By Fr. Ted Penton, SJ

March 19, 2020 — My first night in quarantine I didn’t sleep great. Or rather, I slept okay but woke up at 4am — which is not my preferred time by a long shot — with the new shared reality of our community and world on my mind.

Fr. Ted's window looks out at the Gonzaga clock. Happily it doesn’t chime at night, but it does make it difficult to nap, he says.

After listening to the very good “Low Hum of Menace” episode of This American Life, I listened to many, many of my favorite songs of menace, while imagining all the terrible things that could unfold, all the way up to riots across the country and outside my window in the center of Washington, D.C., hoping that we’d be spared if we unfurled an “Unclean” banner across our gate.

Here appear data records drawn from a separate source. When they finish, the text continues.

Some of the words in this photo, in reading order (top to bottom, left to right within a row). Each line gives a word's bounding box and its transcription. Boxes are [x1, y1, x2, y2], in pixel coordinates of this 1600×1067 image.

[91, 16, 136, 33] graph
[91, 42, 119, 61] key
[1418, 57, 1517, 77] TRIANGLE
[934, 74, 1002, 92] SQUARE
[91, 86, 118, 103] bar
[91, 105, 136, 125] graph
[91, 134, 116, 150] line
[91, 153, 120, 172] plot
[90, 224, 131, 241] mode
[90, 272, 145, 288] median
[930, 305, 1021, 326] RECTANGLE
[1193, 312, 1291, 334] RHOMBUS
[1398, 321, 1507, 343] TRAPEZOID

The listening spree started with Ray Charles’ “Bye Bye Love,” which I had in my head when I woke up. The music is upbeat, but the lyrics decidedly not, and it ends with several refrains of “I think I’m gonna die.” In a rare practice of agere contra I ended on a more joyful note, with one of the most, beautiful, hopeful songs I know.

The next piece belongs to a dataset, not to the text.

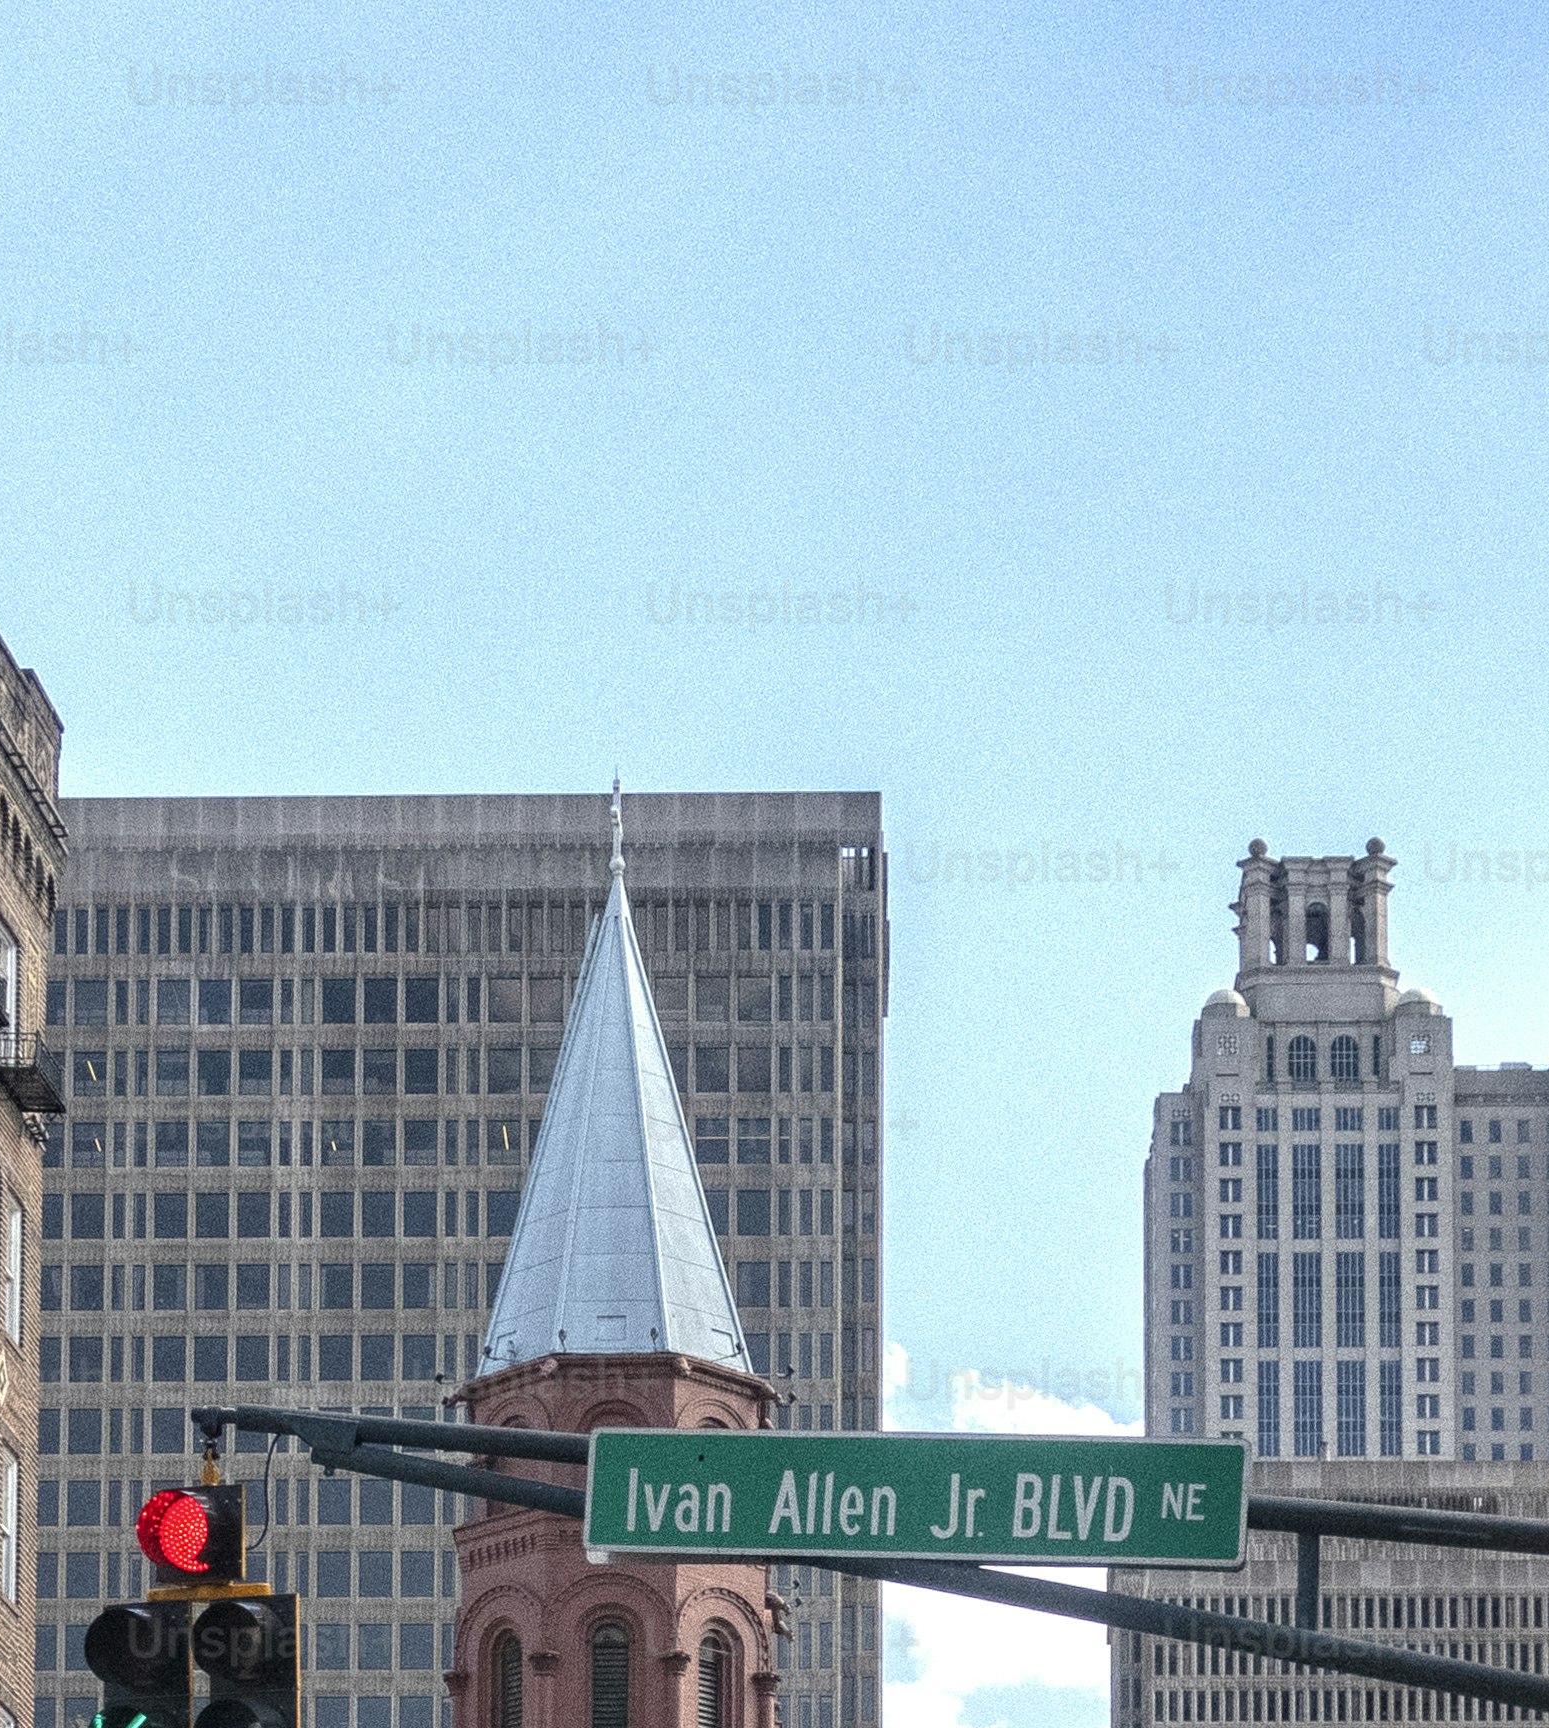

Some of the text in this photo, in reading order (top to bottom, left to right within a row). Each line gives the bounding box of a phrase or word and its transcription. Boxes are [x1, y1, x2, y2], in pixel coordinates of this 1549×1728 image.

[626, 1467, 1207, 1542] Ivan Allen Jr. BLVD NE

The day before one of my fellow Jesuits tested positive for COVID-19, it had crossed my mind to take one of our community cars and make a run for the border back to Canada (my homeland). I’ve spent many years in the U.S. and love this country, but I couldn’t help thinking I’d rather ride this out in a place where people spent the last two weeks hoarding only toilet paper, not toilet paper and guns, and where the societal divisions aren’t quite as sharp.

I spent most of my day on conference calls and emails (which is not all that different from my norm), but despite being tired, I very much appreciated the clear and consistent theme of care for one another and ourselves during this time of great stress and uncertainty. I did somewhat regret sharing my thoughts on the risk of riots with my team, but in my defense I also offered the hopeful note that Netflix may spare us from too many people leaving their homes: I continue to pray for the integrity of our servers and the internet tubes.

My colleagues and I also shared with one another considerable concern for the many, many people on the margins who, as always, will suffer the most: people experiencing homelessness; those who are incarcerated or in immigration detention, to name a few. As COVID-19 spreads to less economically developed countries, the impact will be even more severe. Our office works in advocacy on issues of justice and ecology, and we will have plenty of work over the coming weeks finding creative ways to lift up the voices and concerns of those most affected.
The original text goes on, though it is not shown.